[Items from a data source]:

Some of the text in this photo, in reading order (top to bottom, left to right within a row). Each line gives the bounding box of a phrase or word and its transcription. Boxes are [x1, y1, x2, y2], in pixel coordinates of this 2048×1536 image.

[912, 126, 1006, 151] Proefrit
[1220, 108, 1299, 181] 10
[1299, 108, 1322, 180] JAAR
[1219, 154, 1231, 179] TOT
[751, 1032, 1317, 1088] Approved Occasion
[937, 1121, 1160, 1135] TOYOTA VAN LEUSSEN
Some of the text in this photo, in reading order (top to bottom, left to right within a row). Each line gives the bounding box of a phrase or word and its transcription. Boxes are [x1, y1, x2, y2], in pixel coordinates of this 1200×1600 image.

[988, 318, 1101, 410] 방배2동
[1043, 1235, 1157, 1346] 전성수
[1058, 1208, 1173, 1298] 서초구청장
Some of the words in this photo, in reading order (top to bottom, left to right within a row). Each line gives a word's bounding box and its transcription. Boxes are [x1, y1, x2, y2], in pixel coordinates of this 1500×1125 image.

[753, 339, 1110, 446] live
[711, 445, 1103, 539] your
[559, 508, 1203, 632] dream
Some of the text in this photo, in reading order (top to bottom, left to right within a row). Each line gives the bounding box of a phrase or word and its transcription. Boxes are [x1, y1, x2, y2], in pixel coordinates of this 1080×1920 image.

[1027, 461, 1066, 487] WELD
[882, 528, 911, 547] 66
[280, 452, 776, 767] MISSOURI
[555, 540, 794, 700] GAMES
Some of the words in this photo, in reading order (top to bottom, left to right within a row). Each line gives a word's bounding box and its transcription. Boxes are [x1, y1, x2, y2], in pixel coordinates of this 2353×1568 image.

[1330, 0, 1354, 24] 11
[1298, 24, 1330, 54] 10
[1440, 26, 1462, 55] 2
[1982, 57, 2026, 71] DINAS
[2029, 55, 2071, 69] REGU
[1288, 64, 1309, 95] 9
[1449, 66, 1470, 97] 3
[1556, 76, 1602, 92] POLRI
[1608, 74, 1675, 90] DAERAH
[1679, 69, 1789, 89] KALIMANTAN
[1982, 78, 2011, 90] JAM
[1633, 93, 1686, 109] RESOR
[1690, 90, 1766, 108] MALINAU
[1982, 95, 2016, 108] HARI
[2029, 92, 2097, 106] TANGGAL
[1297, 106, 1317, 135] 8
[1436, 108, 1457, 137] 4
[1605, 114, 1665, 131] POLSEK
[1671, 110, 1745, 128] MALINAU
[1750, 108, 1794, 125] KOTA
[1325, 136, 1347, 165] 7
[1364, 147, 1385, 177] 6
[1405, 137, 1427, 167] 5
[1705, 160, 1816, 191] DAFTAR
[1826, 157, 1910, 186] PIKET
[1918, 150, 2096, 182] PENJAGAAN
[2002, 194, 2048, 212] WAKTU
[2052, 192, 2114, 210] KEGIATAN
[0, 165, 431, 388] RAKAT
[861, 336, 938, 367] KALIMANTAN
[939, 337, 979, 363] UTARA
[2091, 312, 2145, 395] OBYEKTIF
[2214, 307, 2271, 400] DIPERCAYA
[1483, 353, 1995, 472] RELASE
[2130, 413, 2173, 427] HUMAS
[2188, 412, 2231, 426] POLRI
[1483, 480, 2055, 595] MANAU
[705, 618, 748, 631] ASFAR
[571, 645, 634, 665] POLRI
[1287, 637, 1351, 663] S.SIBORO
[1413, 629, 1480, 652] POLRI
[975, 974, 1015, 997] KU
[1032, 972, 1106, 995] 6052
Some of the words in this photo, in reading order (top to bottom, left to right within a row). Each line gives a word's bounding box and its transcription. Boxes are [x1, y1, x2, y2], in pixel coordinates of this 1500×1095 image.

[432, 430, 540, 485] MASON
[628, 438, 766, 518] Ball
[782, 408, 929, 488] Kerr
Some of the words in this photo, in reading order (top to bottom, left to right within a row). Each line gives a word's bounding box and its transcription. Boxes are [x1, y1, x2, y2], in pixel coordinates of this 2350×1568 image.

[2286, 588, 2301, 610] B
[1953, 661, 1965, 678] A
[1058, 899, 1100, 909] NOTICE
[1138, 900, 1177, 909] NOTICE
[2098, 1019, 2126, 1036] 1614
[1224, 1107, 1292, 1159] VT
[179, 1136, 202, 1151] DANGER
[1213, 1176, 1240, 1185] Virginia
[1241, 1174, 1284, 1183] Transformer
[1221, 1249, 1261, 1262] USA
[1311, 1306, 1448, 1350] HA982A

[Exercise brief]: Every single entry above has to be copied exactly.

[Output for this exercise]:
Some of the text in this photo, in reading order (top to bottom, left to right within a row). Each line gives the bounding box of a phrase or word and its transcription. Boxes are [x1, y1, x2, y2], in pixel coordinates of this 2048×1536 image.

[912, 126, 1006, 151] Proefrit
[1220, 108, 1299, 181] 10
[1299, 108, 1322, 180] JAAR
[1219, 154, 1231, 179] TOT
[751, 1032, 1317, 1088] Approved Occasion
[937, 1121, 1160, 1135] TOYOTA VAN LEUSSEN
Some of the text in this photo, in reading order (top to bottom, left to right within a row). Each line gives the bounding box of a phrase or word and its transcription. Boxes are [x1, y1, x2, y2], in pixel coordinates of this 1200×1600 image.

[988, 318, 1101, 410] 방배2동
[1043, 1235, 1157, 1346] 전성수
[1058, 1208, 1173, 1298] 서초구청장
Some of the words in this photo, in reading order (top to bottom, left to right within a row). Each line gives a word's bounding box and its transcription. Boxes are [x1, y1, x2, y2], in pixel coordinates of this 1500×1125 image.

[753, 339, 1110, 446] live
[711, 445, 1103, 539] your
[559, 508, 1203, 632] dream
Some of the text in this photo, in reading order (top to bottom, left to right within a row). Each line gives the bounding box of a phrase or word and its transcription. Boxes are [x1, y1, x2, y2], in pixel coordinates of this 1080×1920 image.

[1027, 461, 1066, 487] WELD
[882, 528, 911, 547] 66
[280, 452, 776, 767] MISSOURI
[555, 540, 794, 700] GAMES
Some of the words in this photo, in reading order (top to bottom, left to right within a row). Each line gives a word's bounding box and its transcription. Boxes are [x1, y1, x2, y2], in pixel coordinates of this 2353×1568 image.

[1330, 0, 1354, 24] 11
[1298, 24, 1330, 54] 10
[1440, 26, 1462, 55] 2
[1982, 57, 2026, 71] DINAS
[2029, 55, 2071, 69] REGU
[1288, 64, 1309, 95] 9
[1449, 66, 1470, 97] 3
[1556, 76, 1602, 92] POLRI
[1608, 74, 1675, 90] DAERAH
[1679, 69, 1789, 89] KALIMANTAN
[1982, 78, 2011, 90] JAM
[1633, 93, 1686, 109] RESOR
[1690, 90, 1766, 108] MALINAU
[1982, 95, 2016, 108] HARI
[2029, 92, 2097, 106] TANGGAL
[1297, 106, 1317, 135] 8
[1436, 108, 1457, 137] 4
[1605, 114, 1665, 131] POLSEK
[1671, 110, 1745, 128] MALINAU
[1750, 108, 1794, 125] KOTA
[1325, 136, 1347, 165] 7
[1364, 147, 1385, 177] 6
[1405, 137, 1427, 167] 5
[1705, 160, 1816, 191] DAFTAR
[1826, 157, 1910, 186] PIKET
[1918, 150, 2096, 182] PENJAGAAN
[2002, 194, 2048, 212] WAKTU
[2052, 192, 2114, 210] KEGIATAN
[0, 165, 431, 388] RAKAT
[861, 336, 938, 367] KALIMANTAN
[939, 337, 979, 363] UTARA
[2091, 312, 2145, 395] OBYEKTIF
[2214, 307, 2271, 400] DIPERCAYA
[1483, 353, 1995, 472] RELASE
[2130, 413, 2173, 427] HUMAS
[2188, 412, 2231, 426] POLRI
[1483, 480, 2055, 595] MANAU
[705, 618, 748, 631] ASFAR
[571, 645, 634, 665] POLRI
[1287, 637, 1351, 663] S.SIBORO
[1413, 629, 1480, 652] POLRI
[975, 974, 1015, 997] KU
[1032, 972, 1106, 995] 6052
Some of the words in this photo, in reading order (top to bottom, left to right within a row). Each line gives a word's bounding box and its transcription. Boxes are [x1, y1, x2, y2], in pixel coordinates of this 1500×1095 image.

[432, 430, 540, 485] MASON
[628, 438, 766, 518] Ball
[782, 408, 929, 488] Kerr
Some of the words in this photo, in reading order (top to bottom, left to right within a row). Each line gives a word's bounding box and its transcription. Boxes are [x1, y1, x2, y2], in pixel coordinates of this 2350×1568 image.

[2286, 588, 2301, 610] B
[1953, 661, 1965, 678] A
[1058, 899, 1100, 909] NOTICE
[1138, 900, 1177, 909] NOTICE
[2098, 1019, 2126, 1036] 1614
[1224, 1107, 1292, 1159] VT
[179, 1136, 202, 1151] DANGER
[1213, 1176, 1240, 1185] Virginia
[1241, 1174, 1284, 1183] Transformer
[1221, 1249, 1261, 1262] USA
[1311, 1306, 1448, 1350] HA982A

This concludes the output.